◆ **What the task asks**: Transcribe the entries below without changing a word, and omit every picture.

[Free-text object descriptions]
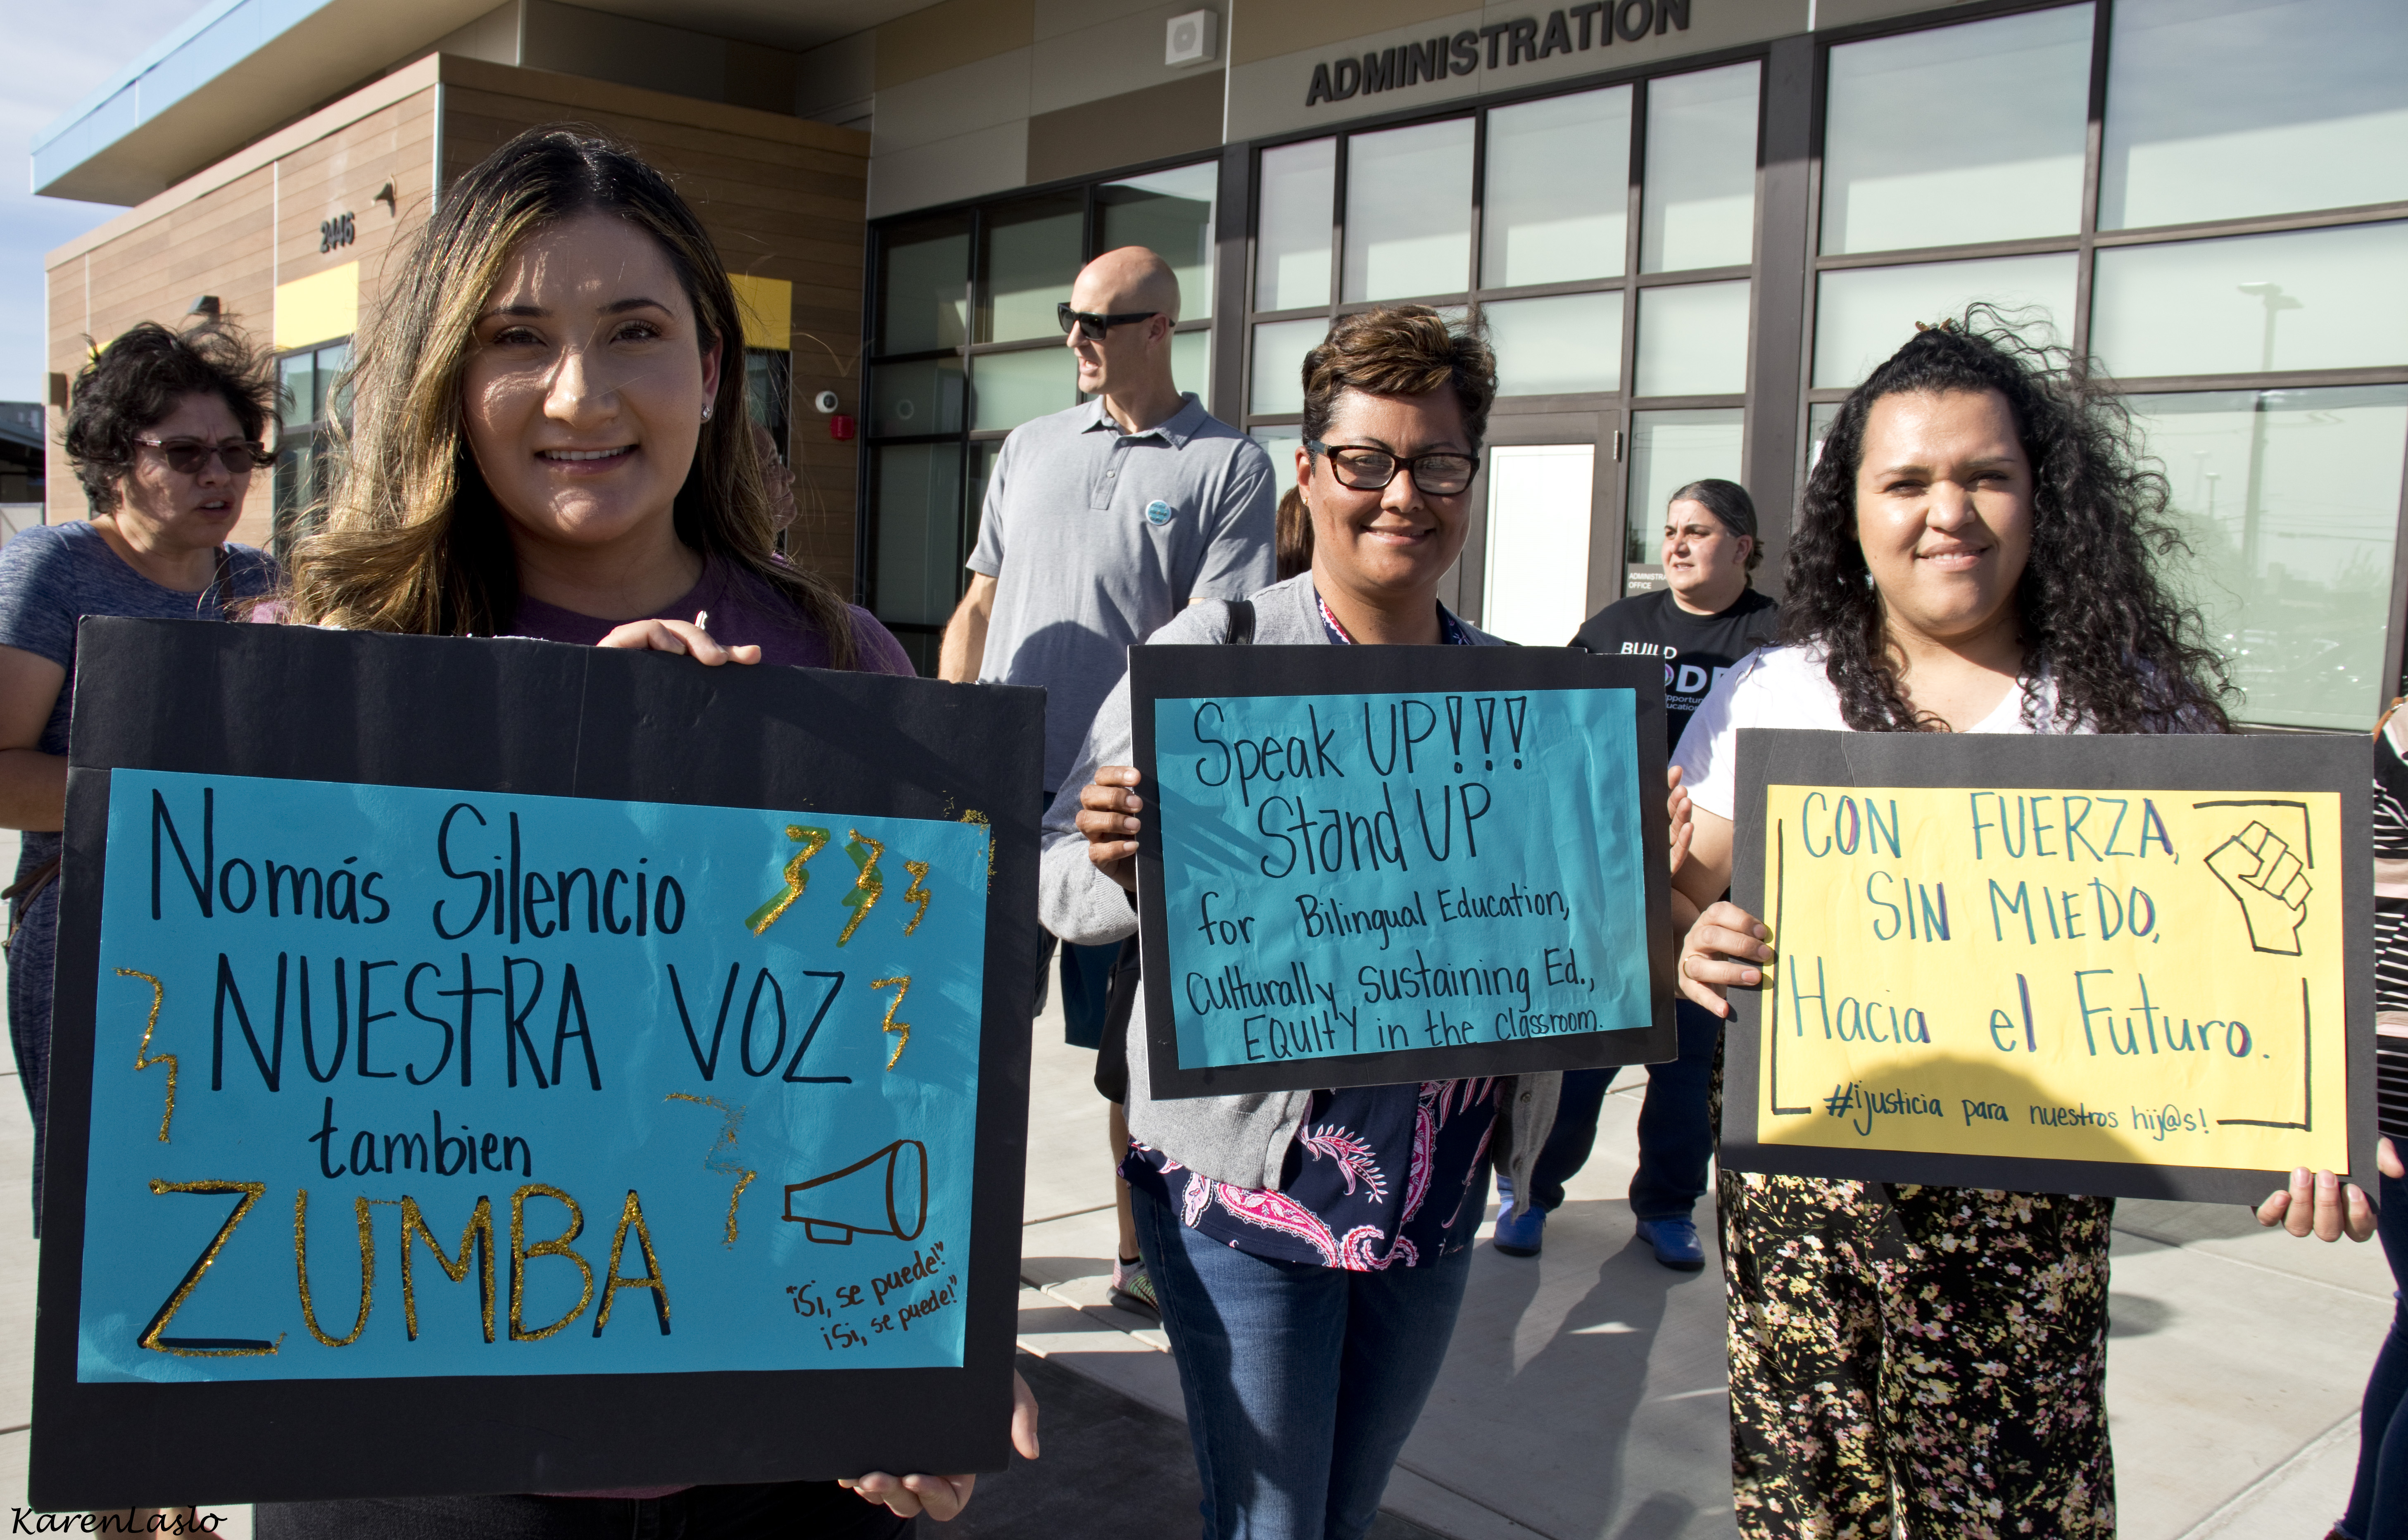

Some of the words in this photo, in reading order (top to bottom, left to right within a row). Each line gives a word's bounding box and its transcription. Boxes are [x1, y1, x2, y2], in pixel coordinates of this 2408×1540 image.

[1305, 0, 1690, 106] ADMINISTRATION
[320, 211, 355, 254] 2446
[1621, 642, 1677, 659] BUILD
[1193, 701, 1344, 806] Speak
[1364, 696, 1526, 777] UP!!!
[1257, 782, 1408, 878] Stand
[1416, 783, 1491, 861] UP
[1802, 792, 1901, 858] CON
[1970, 791, 2180, 865] FUERZA,
[151, 787, 391, 923] Nomás
[433, 802, 685, 944] Silencio
[1198, 891, 1255, 945] for
[1295, 891, 1427, 950] Bilingual
[1437, 882, 1569, 922] Education,
[1866, 871, 1951, 942] SIN
[1988, 877, 2160, 945] MIEDO,
[1186, 961, 1339, 1020] Culturally
[1544, 948, 1595, 992] Ed.,
[1790, 955, 1931, 1043] Hacia
[1990, 973, 2037, 1053] el
[2074, 969, 2270, 1058] Futuro.
[667, 962, 851, 1084] VOZ
[1377, 1018, 1409, 1049] in
[1424, 1009, 1477, 1046] the
[309, 1097, 532, 1179] tambien
[1961, 1099, 2009, 1126] para
[2030, 1103, 2118, 1128] nuestros
[2132, 1104, 2209, 1141] hij@s!
[137, 1177, 671, 1357] ZUMBA
[836, 1285, 865, 1308] se
[871, 1241, 945, 1306] puede!"
[871, 1314, 894, 1333] se
[898, 1274, 958, 1331] puede!"

◆ **Output of the exercise**:
Some of the words in this photo, in reading order (top to bottom, left to right within a row). Each line gives a word's bounding box and its transcription. Boxes are [x1, y1, x2, y2], in pixel coordinates of this 2408×1540 image.

[1305, 0, 1690, 106] ADMINISTRATION
[320, 211, 355, 254] 2446
[1621, 642, 1677, 659] BUILD
[1193, 701, 1344, 806] Speak
[1364, 696, 1526, 777] UP!!!
[1257, 782, 1408, 878] Stand
[1416, 783, 1491, 861] UP
[1802, 792, 1901, 858] CON
[1970, 791, 2180, 865] FUERZA,
[151, 787, 391, 923] Nomás
[433, 802, 685, 944] Silencio
[1198, 891, 1255, 945] for
[1295, 891, 1427, 950] Bilingual
[1437, 882, 1569, 922] Education,
[1866, 871, 1951, 942] SIN
[1988, 877, 2160, 945] MIEDO,
[1186, 961, 1339, 1020] Culturally
[1544, 948, 1595, 992] Ed.,
[1790, 955, 1931, 1043] Hacia
[1990, 973, 2037, 1053] el
[2074, 969, 2270, 1058] Futuro.
[667, 962, 851, 1084] VOZ
[1377, 1018, 1409, 1049] in
[1424, 1009, 1477, 1046] the
[309, 1097, 532, 1179] tambien
[1961, 1099, 2009, 1126] para
[2030, 1103, 2118, 1128] nuestros
[2132, 1104, 2209, 1141] hij@s!
[137, 1177, 671, 1357] ZUMBA
[836, 1285, 865, 1308] se
[871, 1241, 945, 1306] puede!"
[871, 1314, 894, 1333] se
[898, 1274, 958, 1331] puede!"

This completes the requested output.